Levando dois amigos norte-americanos em visita à Manaus semana passada para um tour urbano, fiquei chocado, envergonhado de mostrar uma cidade tão deteriorada, feia, suja, malcheirosa. Grande parte do centro histórico desfigurado, ruas sendo novamente ocupadas por camelôs, muitas favelas misturadas ao decadente casario em estilo português. A estação de ônibus da Constantino Nery é aviltante, padrão Zimbabwe, Burkina Faso, Síria, Turcomenistão, Djibuti, países situados no topo da cadeia dos mais miseráveis do mundo. A situação do Manaos Harbour, nosso outrora belíssimo Porto Flutuante é degradante sob qualquer ângulo que se divise. Além de quente, envelhecido, esgotos a céu aberto fedem. Diferente do passado, quando constituía o principal cartão de visita da cidade junto com o Hotel Amazonas, que hoje amarga idêntica sina.
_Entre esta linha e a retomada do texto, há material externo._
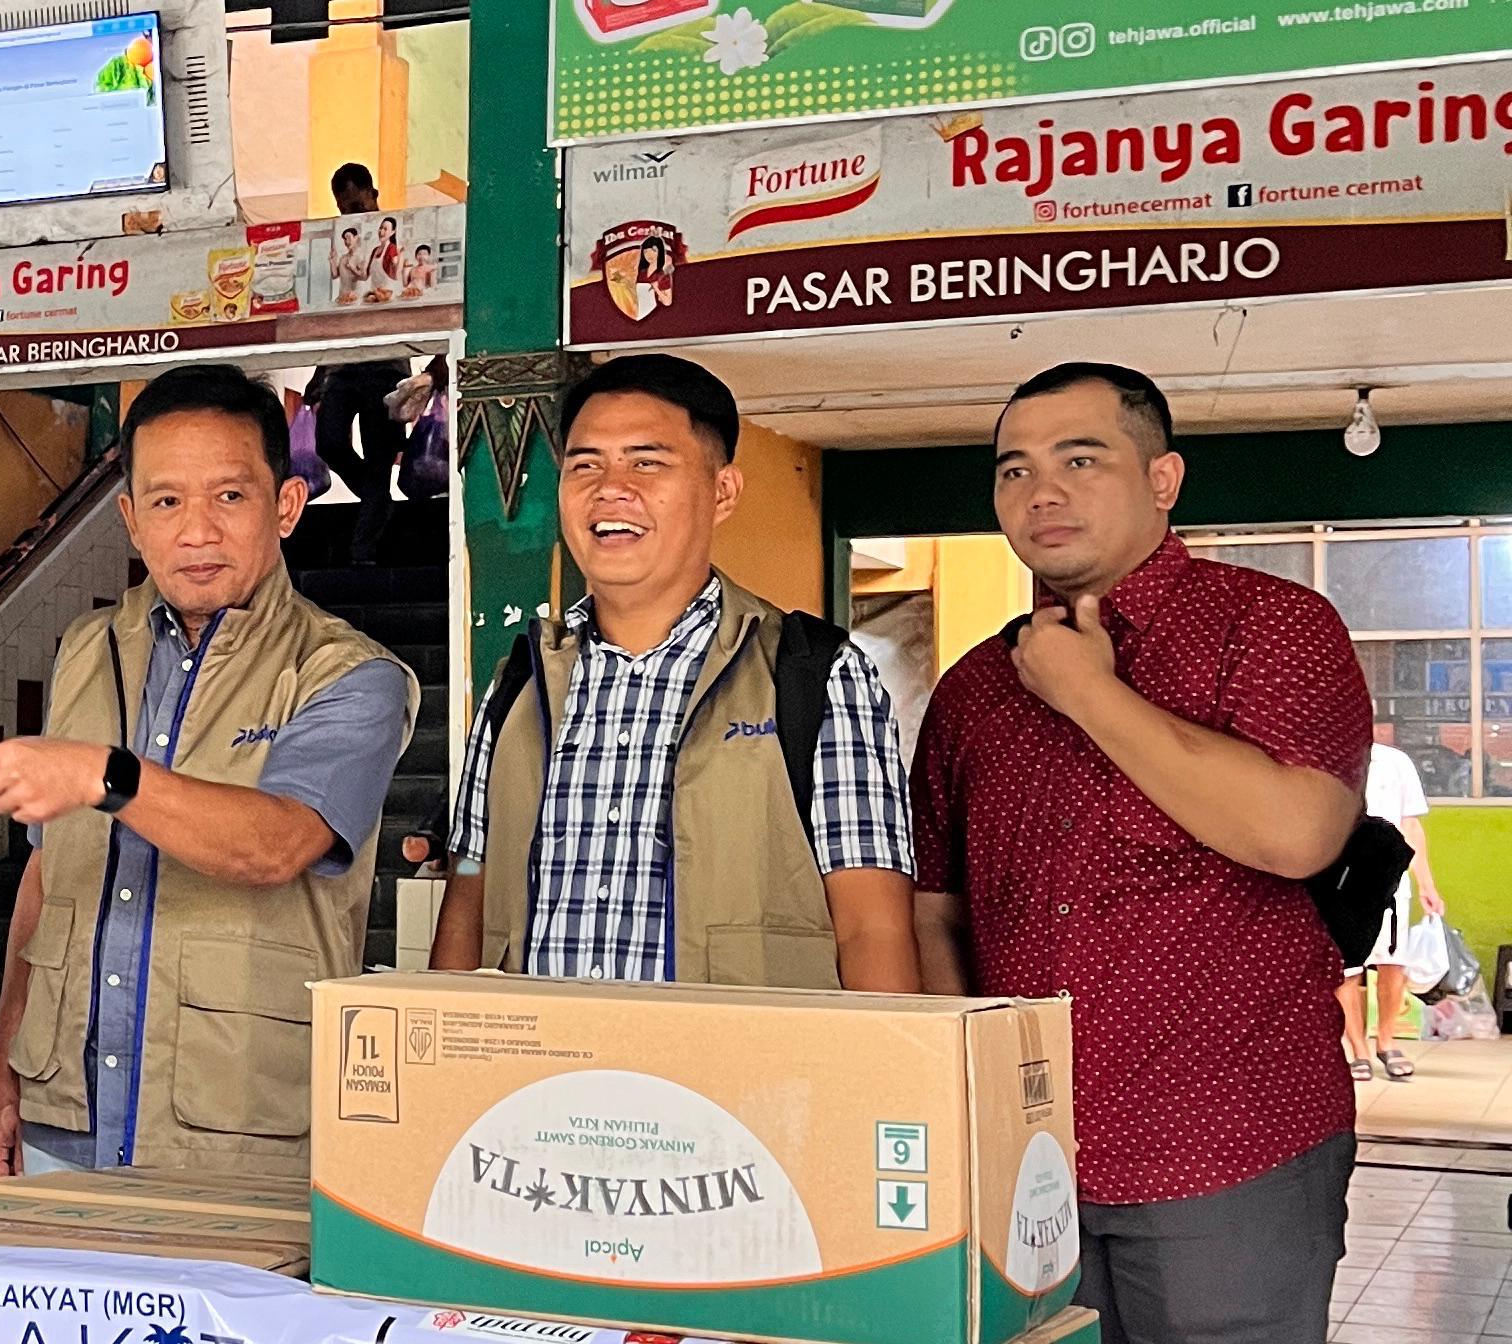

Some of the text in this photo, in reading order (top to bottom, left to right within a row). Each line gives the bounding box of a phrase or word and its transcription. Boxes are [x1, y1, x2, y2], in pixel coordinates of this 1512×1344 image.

[1108, 16, 1256, 46] tehjawa.official
[593, 118, 1241, 198] wilmar Fortune Rajanya
[1062, 175, 1423, 219] fortunecermat fortune cermat
[12, 255, 129, 297] Garing
[746, 237, 1281, 315] PASAR BERINGHARJO
[27, 331, 180, 362] BERINGHARJO
[103, 1288, 186, 1323] (MGR)
O cidadão convive com tal cenário diariamente sem praticamente se dar conta do tamanho do problema. Quando, entretanto, leva visitantes a conhecer a cidade, o choque de realidade é brutal, desponta com toda força de uma realidade lancinante, intensamente cruel. Nossa capital, dominada por extensa rede de favelas, está na UTI. Não há como escamotear os fatos. Culpa do prefeito Arthur Neto? Só dele? Penso diferente. O problema é antigo e persiste desafiador e desmoralizante por mais de 40 anos. Todos os que passaram pela chefia do Executivo municipal nesse período são igualmente responsáveis por esse deprimente processo de derrocada.
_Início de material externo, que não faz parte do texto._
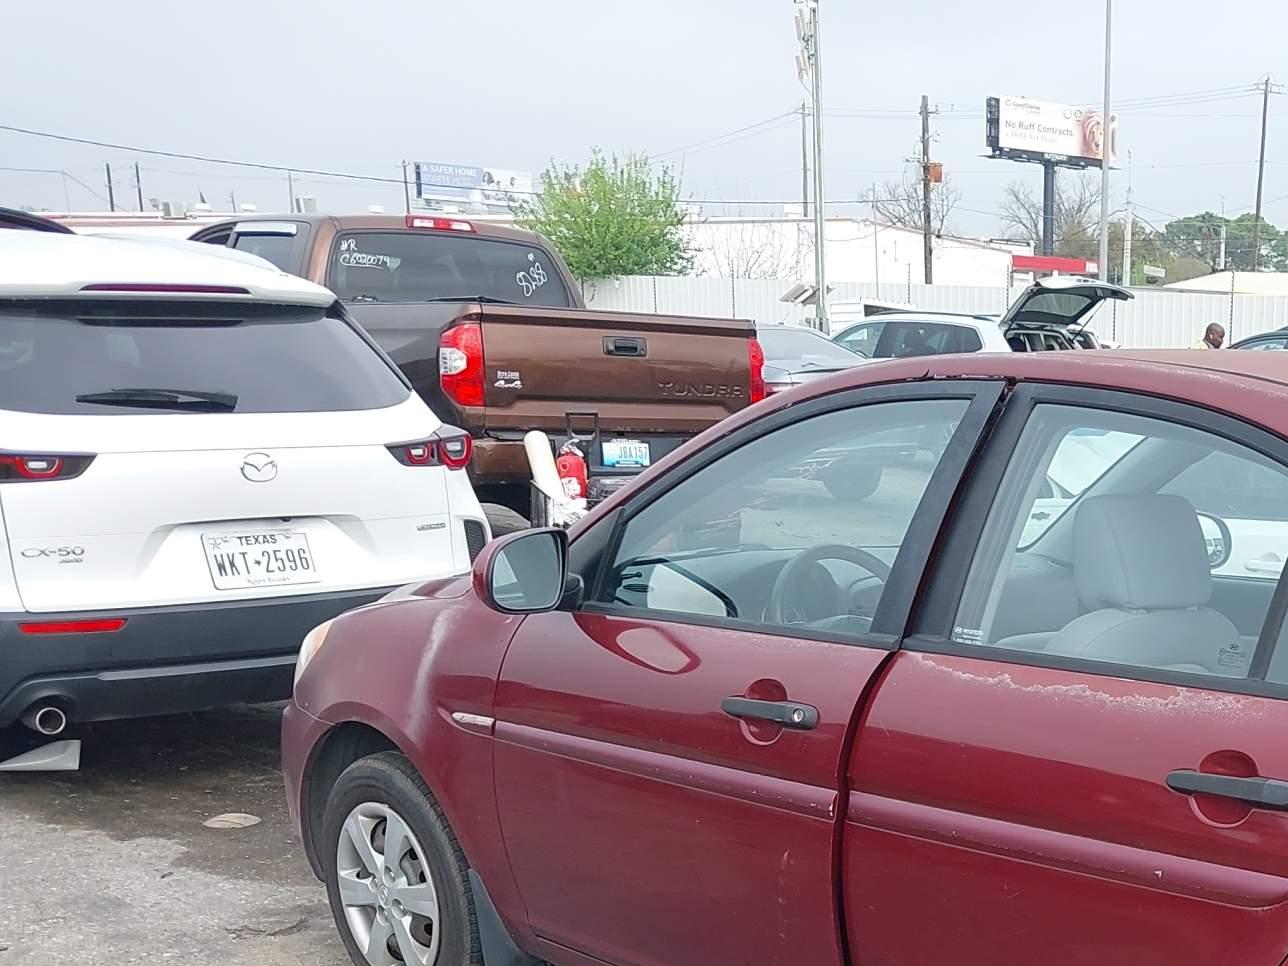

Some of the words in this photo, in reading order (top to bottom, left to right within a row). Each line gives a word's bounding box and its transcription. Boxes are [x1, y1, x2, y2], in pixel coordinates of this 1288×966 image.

[1005, 119, 1016, 129] No
[1018, 121, 1035, 131] Ruff
[455, 167, 478, 177] HOME
[656, 382, 745, 398] TUNDRA
[236, 534, 278, 547] TEXAS
[20, 546, 85, 558] CX-50
Soluções, certamente, devem estar previstas no Plano Diretor da Cidade, tudo leva a crer, inútil. A propósito, o que é feito da Câmara de Vereadores? Alheia ao caos urbano, não traz a questão à discussão perante a comunidade. A omissão é ainda mais grave quando se observa a ignorância quase generalizada dos edis em relação aos problemas da ZFM. O mais importante modelo de desenvolvimento implantado em Manaus aparentemente não desperta interesse da Casa. São raríssimas as manifestações acerca da crise que, abatendo-se sobre a economia do Estado, achata implacavelmente as finanças da Prefeitura.
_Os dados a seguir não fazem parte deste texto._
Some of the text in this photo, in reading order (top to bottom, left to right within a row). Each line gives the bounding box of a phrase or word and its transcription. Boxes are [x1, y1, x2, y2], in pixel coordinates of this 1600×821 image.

Qual é precisamente o papel do Legislativo municipal além de conceder honrarias invariavelmente desprovidas de fundamento e negociar com o Prefeito cargos, benesses pessoais e partidárias? Segundo a ONG Transparência Brasil, cada um dos 41 vereadores de Manaus custou mais de R$ 1,0 milhão aos cofres municipais em 2015. Nossa representação ocupa o terceiro lugar no ranking dos vereadores mais caros das capitais do País. Absurdamente, só perde para S. Paulo e Rio. Por mês, cada um deles embolsa em torno de R$ 89 mil, sendo R$ 15 mil de salário médio, R$ 14 mil de verba indenizatória e R$ 60 mil de verba de gabinete. Rendimentos esses integralmente garantidos, faça chuva ou faça sol. Cabe à reforma política encontrar uma solução para pôr um fim a esse mar de desperdício de recursos públicos sem contrapartida social significativa.

Manaus, 16 de novembro de 2016.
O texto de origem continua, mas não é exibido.